In other stuff… last night I went to take my meds and realised there was an empty diazepam strip in the cupboard but no 300mg Quetiapine tablets. Somehow I have manage to throw out my last couple of Quetiapine instead of the empty diazepam strip. So last night I had 3 x 200mg Quetiapine and had to take two of them and cut the 3rd one in half so I could take my 500mg dose, so I phoned the GP surgery this morning and tried to explain to the receptionist that I now have no Quetiapine left and don’t collect my weekly prescription until Wednesday and could she please ask GP to prescribe me 2 x 200mg Quetiapine and 2 x 300mg Quetiapine for today and tomorrow. That was 2 hours ago that I called and she said she’d phone back asap and let me know.
I also phoned the local gym as it has now been over a week since I handed my form in and still haven’t got an induction session date and the receptionist said that she couldn’t find my referral form anywhere and the girl who I’d handed it into isn’t back until Wednesday. So she’s asked me to ask my GP for another copy of the form grr. Nothing can ever be straightforward can it!
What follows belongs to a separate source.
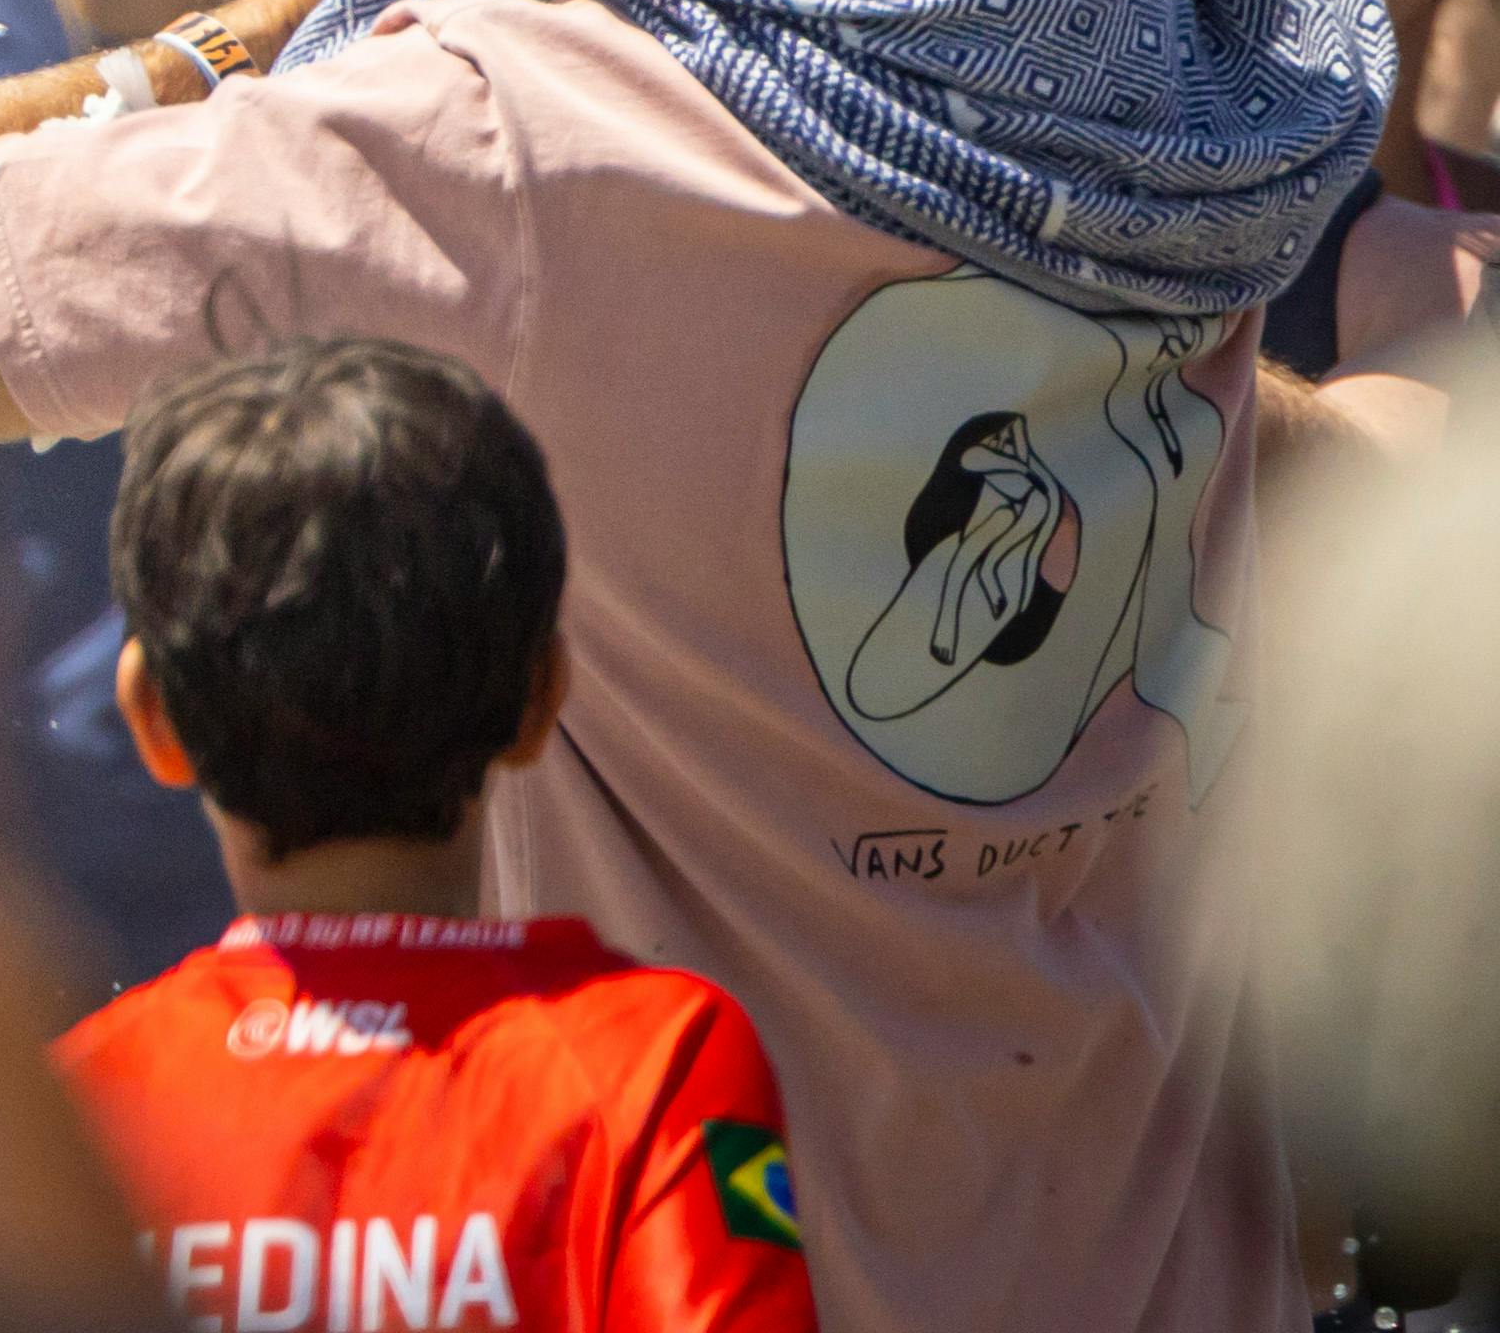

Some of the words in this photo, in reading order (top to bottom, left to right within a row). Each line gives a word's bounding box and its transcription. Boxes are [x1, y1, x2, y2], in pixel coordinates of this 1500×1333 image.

Right I suppose I better get cleaning and stop messing around writing blog posts that has just wasted half an hour of cleaning time now that it’s almost 11.30am – she is coming at 2pm – I need to get a move on!
Wish me luck!
Little update – gp phoned me so got the medication situation sorted. She is also going to print off another copy of my gym referral form to hand in to them. Living room and kitchen half cleaned but already looking better. Nerves are really kicking in now so have taken a little break to gather my thoughts and have a couple diazepam. Only an hour and a half to go now and still to have a shower get dressed and walk dogs. Time to get moving again!